Thursday, April 2, 2009

ad se ipsum [to himself]

Kierkegaard speaks to my soul.
"What is a poet? An unhappy person who conceals profound anguish in his heart but whose lips are so formed that as sighs and cries pass over them they sound like beautiful music."

"In his youth he built an insane asylum; in his old age he himself has entered it. I say of my sorrow what the Englishman says of his house: My sorrow is my castle. Many people look upon having sorrow as one of life's conveniences."

"I have, I believe, the courage to doubt everything; I have, I believe, the courage to fight against everything; but I do not have the courage to acknowledge anything, the courage to possess, to own, anything."

"Let others complain that the times are evil. I complain that they are wretched, for they are without passion. People's thoughts are as thin and fragile as lace, and they themselves as pitiable as lace-making girls. The thoughts of their hearts are too wretched to be sinful. It is perhaps possible to regard it as sin for a worm to nourish such thoughts, but not for a human being, who is created in the image of God. Their desires are staid and dull, their passions drowsy...That is why my soul always turns back to the Old Testament and to Shakespeare. There one still feels that those who speak are human beings; there they hate, there they love, there they murder the enemy, curse his descendants through all generations- there they sin."

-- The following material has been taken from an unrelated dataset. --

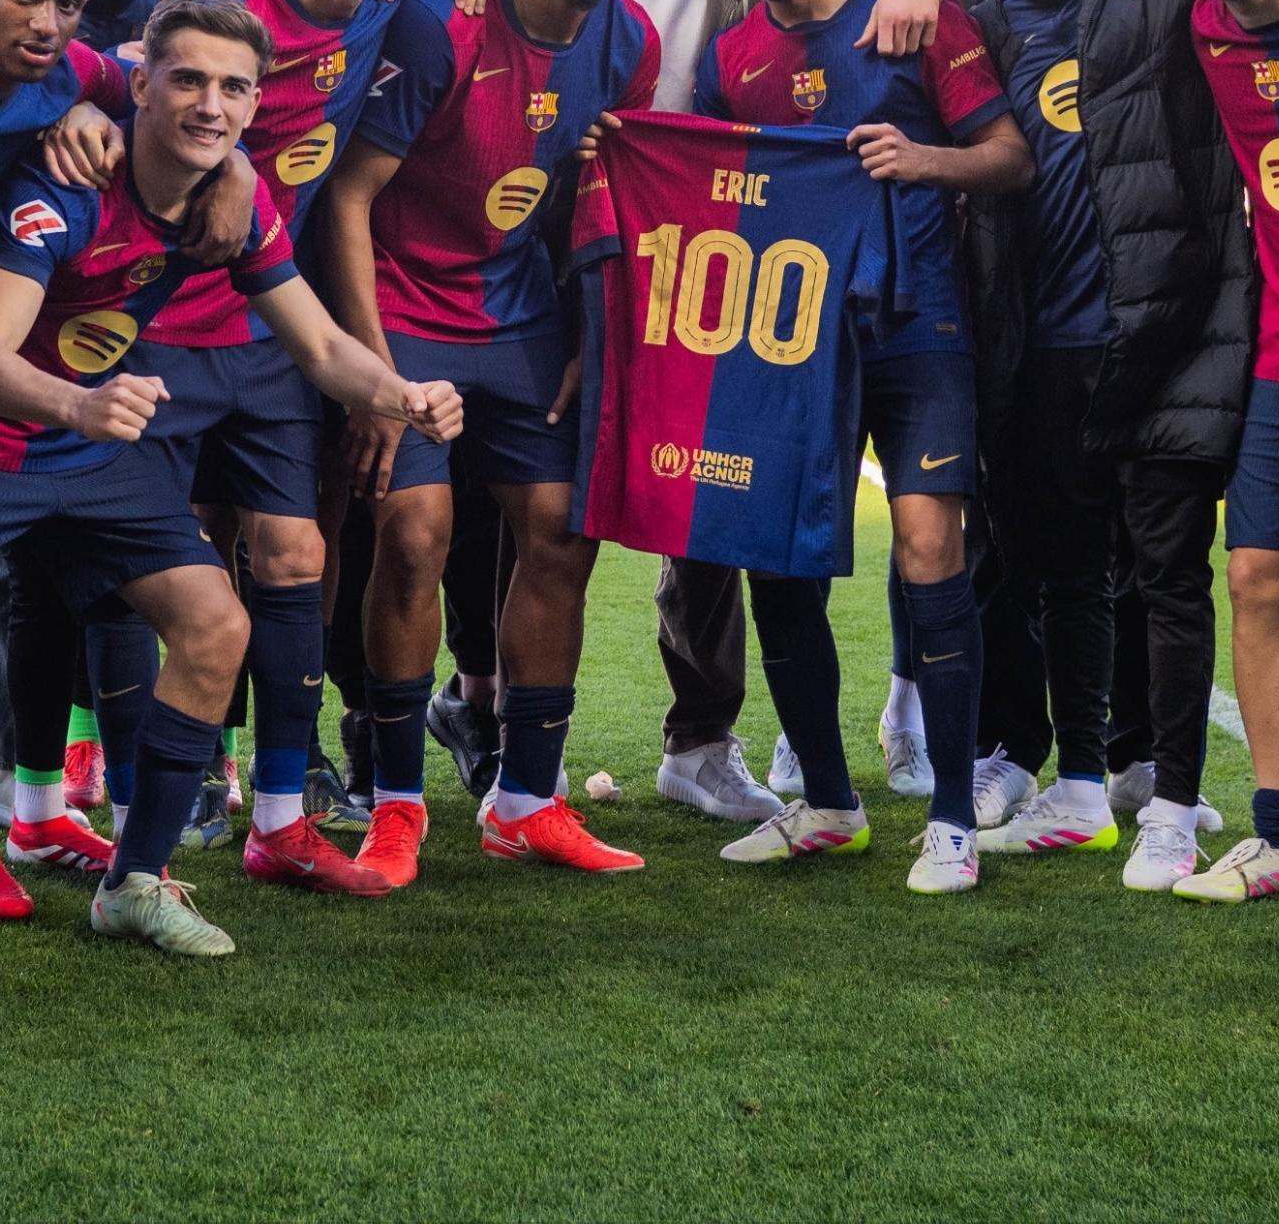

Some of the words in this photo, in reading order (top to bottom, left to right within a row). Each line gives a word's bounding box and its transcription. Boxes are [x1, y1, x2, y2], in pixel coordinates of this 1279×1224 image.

[711, 168, 770, 207] ERIC
[637, 223, 829, 365] 100
[689, 463, 752, 485] ACNUR
[692, 448, 754, 471] UNHCR

"My life achievement amounts to nothing at all, a mood, a single color. My achievement resembles the painting by that artist who was supposed to paint the Israelites' crossing of the Red Sea and to that end painted the entire wall red and explained that the Israelites had walked across and that the Egyptians were drowned."

"In a theater, it happened that a fire started offstage. The clown came out to tell the audience. They thought it was a joke and applauded. He told them again, and they become still more hilarious. This is the way, I suppose, that the world will be destroyed- amid the universal hilarity of wits and wags who think it is all a joke."

-Kierkegaard, "Either/Or, A Fragment of Life"

The ashes of Ecclesiastes. I would transcribe this entire essay if I could.

1 comment:

  1. "Everything is meaningless..."

    I can sympathize, and yet, I feel kind of sad for him.. that, for him, life in this world has become so dull and meaningless and full of fools. When, for God, it's so different.